Quote the records beneath, complete and exact. Leave out images.
** STORED DATA follows **
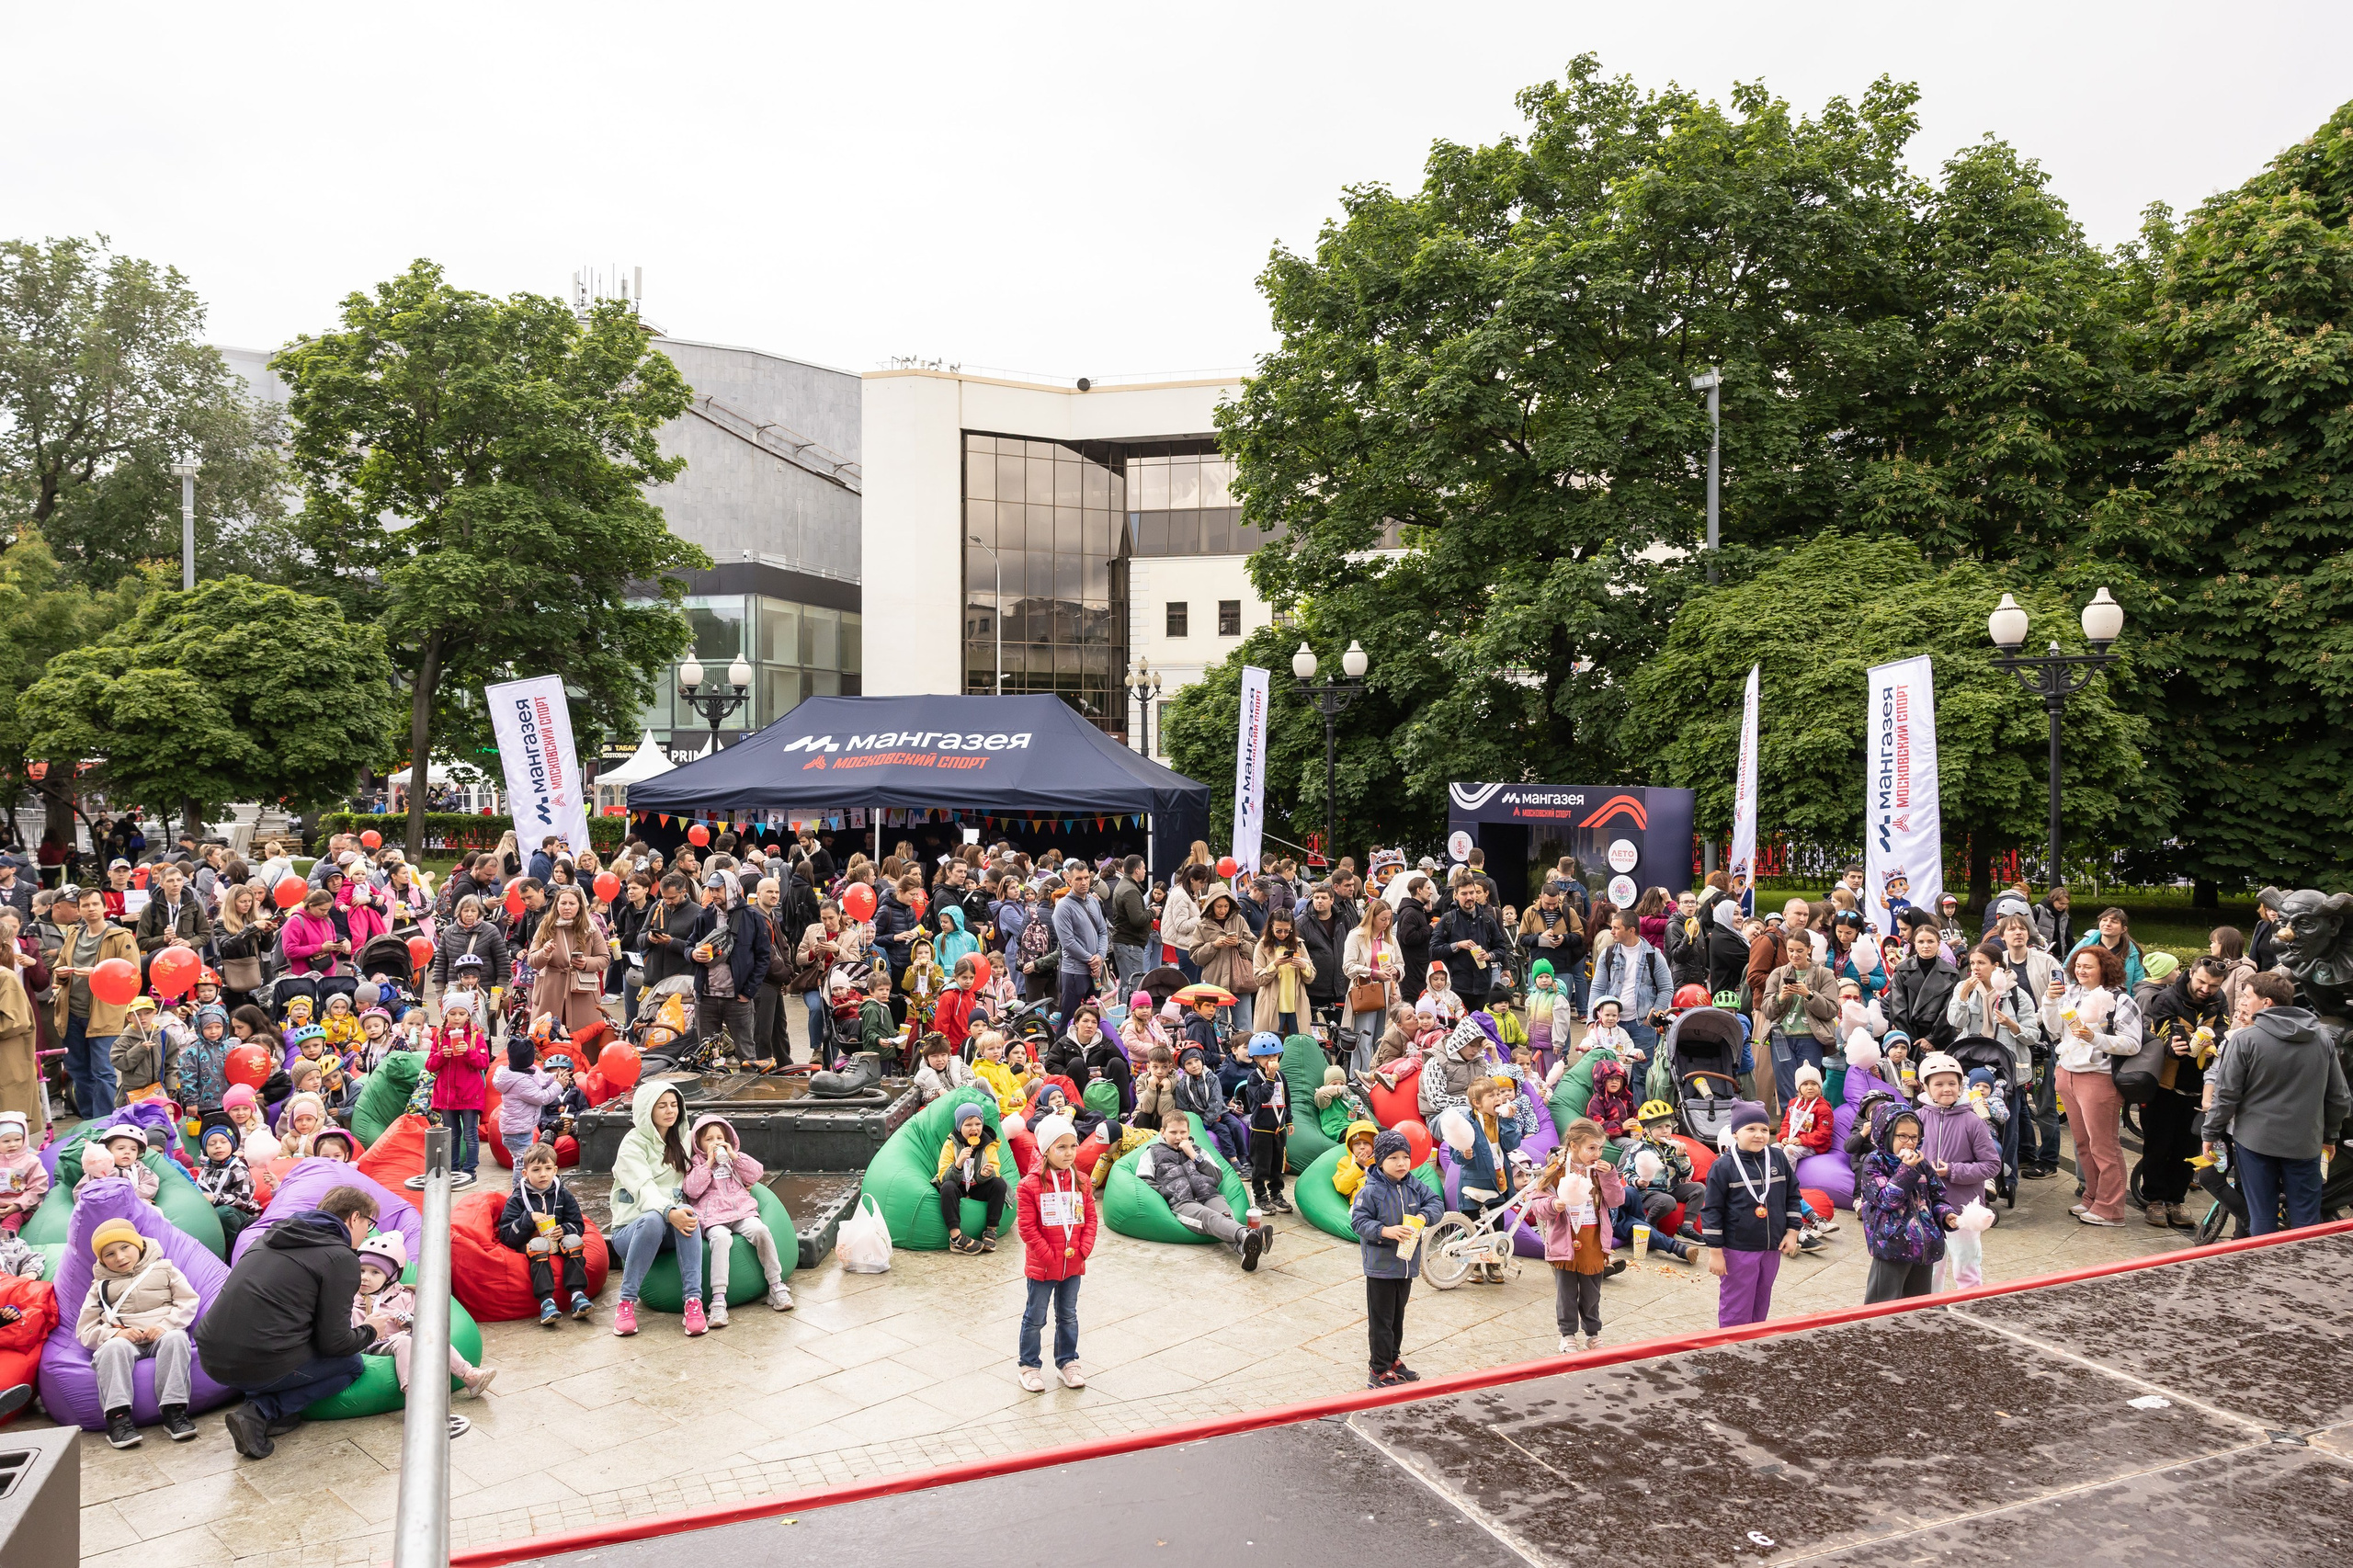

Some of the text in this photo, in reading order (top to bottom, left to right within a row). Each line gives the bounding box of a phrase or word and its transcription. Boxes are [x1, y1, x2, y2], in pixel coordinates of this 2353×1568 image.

[516, 699, 547, 793] мангазея
[534, 696, 563, 790] МОСКОВСКИЙ СПОРТ
[845, 731, 1032, 752] мангазея
[1880, 687, 1893, 809] мангазея
[1894, 684, 1909, 808] МОСКОВСКИЙ СПОРТ
[832, 752, 990, 769] МОСКОВСКИЙ СПОРТ
[1522, 793, 1585, 805] мангазея
[1522, 808, 1572, 818] МОСКОВСКИЙ СПОРТ
[1610, 849, 1634, 858] ЛЕТО
** End of STORED DATA **
• OUTPUT FOR THIS EXERCISE
Some of the text in this photo, in reading order (top to bottom, left to right within a row). Each line gives the bounding box of a phrase or word and its transcription. Boxes are [x1, y1, x2, y2], in pixel coordinates of this 2353×1568 image.

[516, 699, 547, 793] мангазея
[534, 696, 563, 790] МОСКОВСКИЙ СПОРТ
[845, 731, 1032, 752] мангазея
[1880, 687, 1893, 809] мангазея
[1894, 684, 1909, 808] МОСКОВСКИЙ СПОРТ
[832, 752, 990, 769] МОСКОВСКИЙ СПОРТ
[1522, 793, 1585, 805] мангазея
[1522, 808, 1572, 818] МОСКОВСКИЙ СПОРТ
[1610, 849, 1634, 858] ЛЕТО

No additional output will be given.